> **Dataset content**:

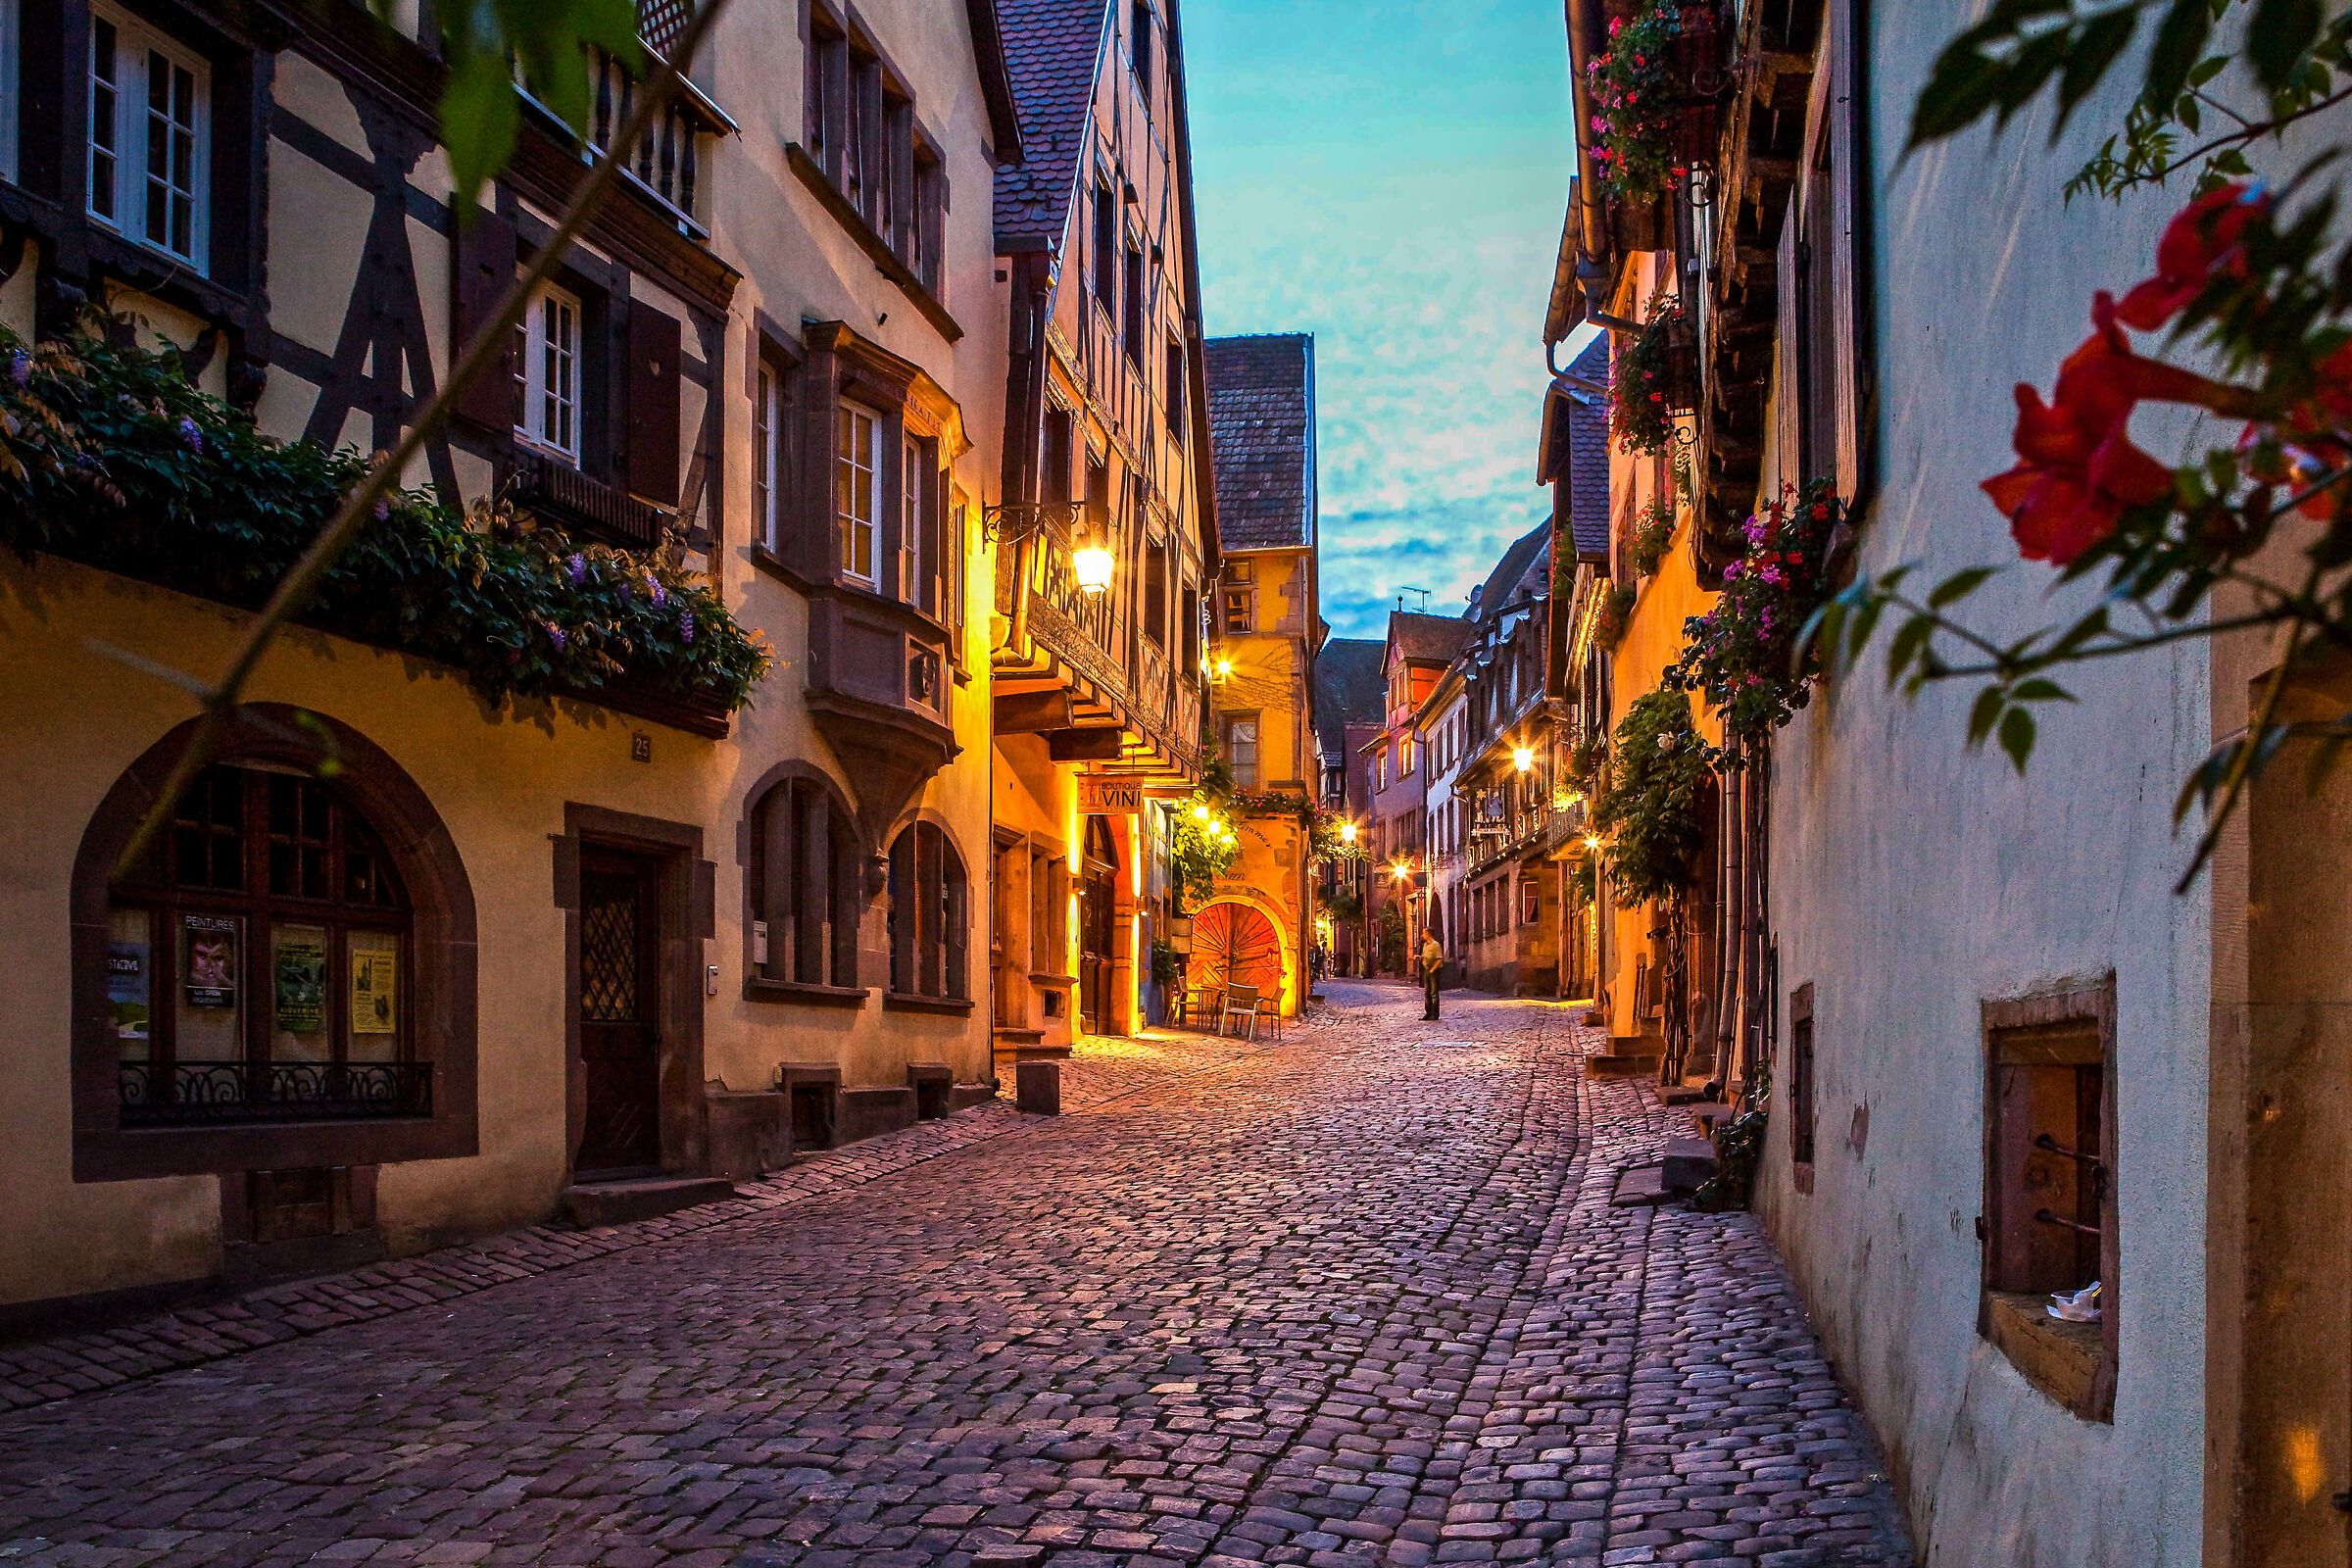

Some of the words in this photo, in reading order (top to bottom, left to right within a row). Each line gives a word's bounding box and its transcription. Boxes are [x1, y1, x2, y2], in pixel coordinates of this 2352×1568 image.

[635, 737, 649, 758] 25
[1102, 790, 1141, 807] VINI
[185, 915, 235, 930] PEINTURES
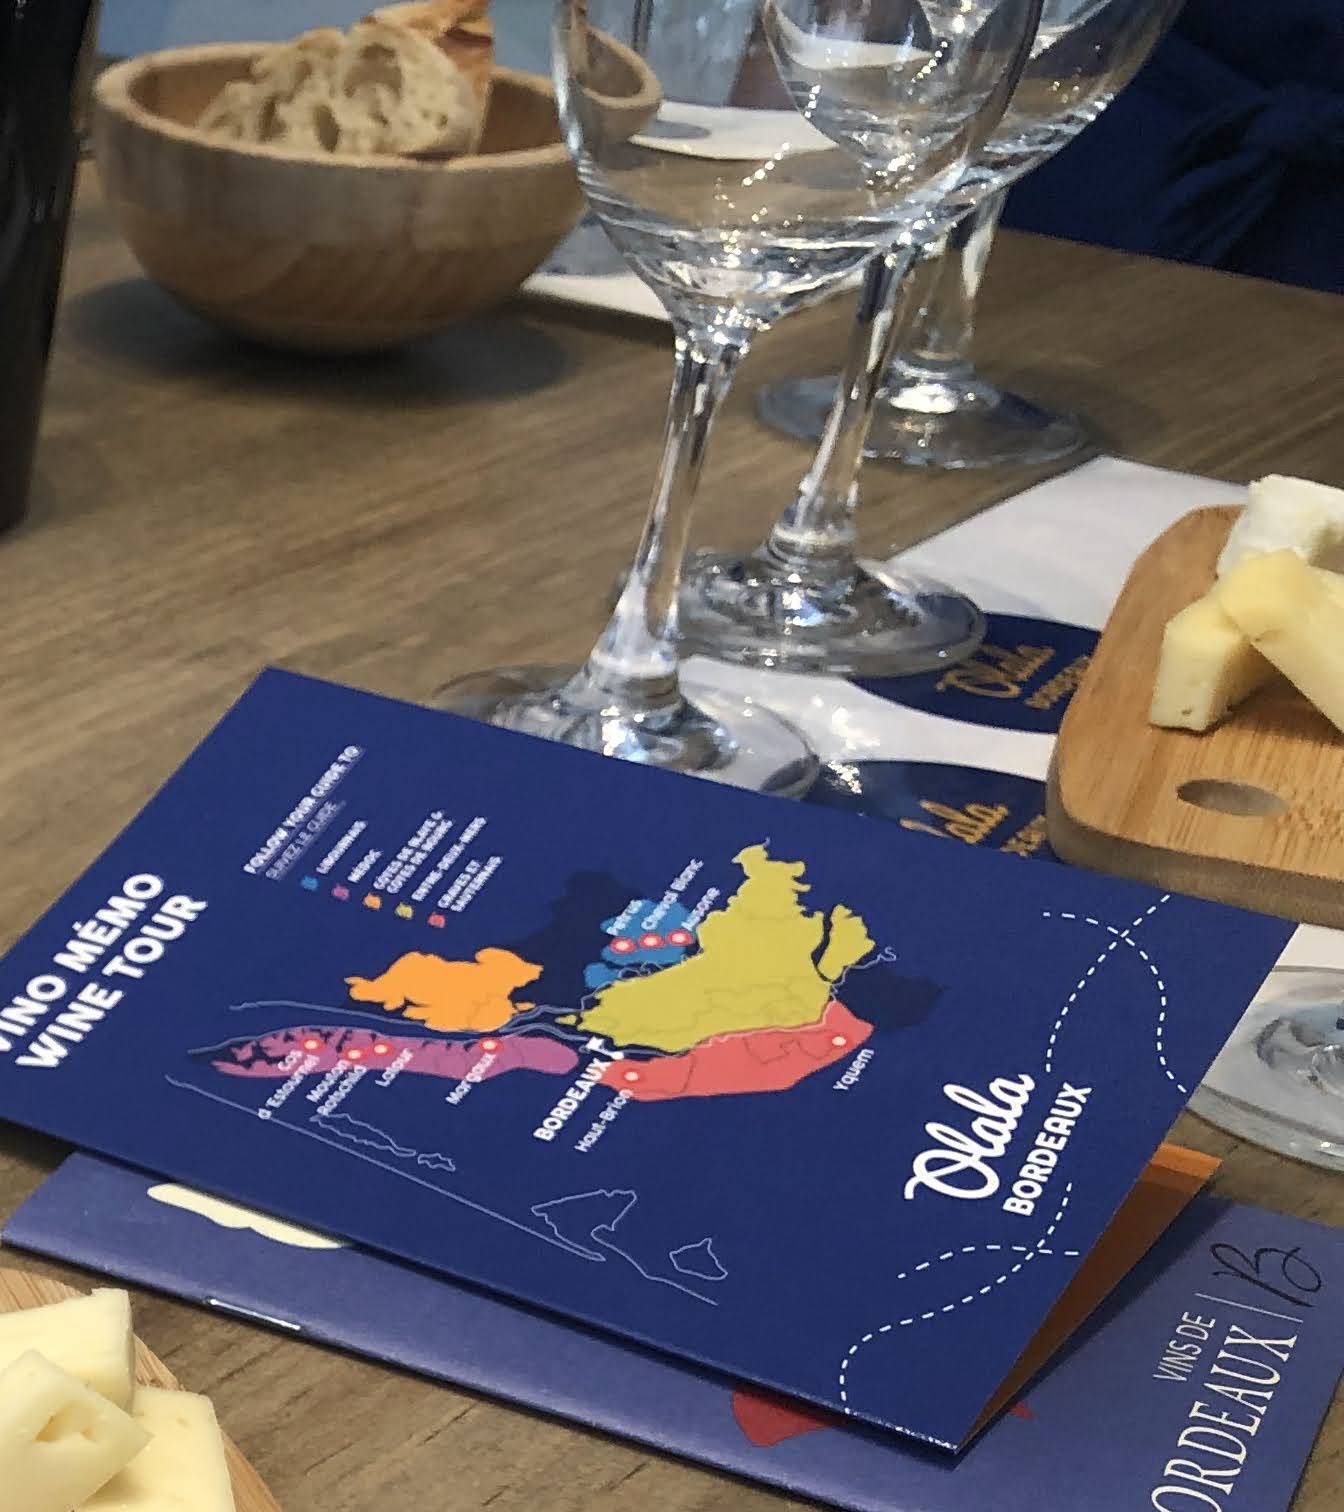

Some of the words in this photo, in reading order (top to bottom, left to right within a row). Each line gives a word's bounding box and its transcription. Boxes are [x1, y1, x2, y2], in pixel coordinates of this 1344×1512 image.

> **Exercise instructions**:
Your answer must be an exact copy of the listing, minus its pictures.

> **Written solution**:
Some of the words in this photo, in reading order (top to bottom, left to right within a row). Each line gives a word's bounding box and its transcription. Boxes are [x1, y1, x2, y2], in pixel coordinates of this 2352×1568 image.

[635, 737, 649, 758] 25
[1102, 790, 1141, 807] VINI
[185, 915, 235, 930] PEINTURES

Some of the words in this photo, in reading order (top to bottom, left to right within a row). Each line gives a word's bounding box and its transcription. Boxes are [x1, y1, x2, y2], in pixel coordinates of this 1344×1512 image.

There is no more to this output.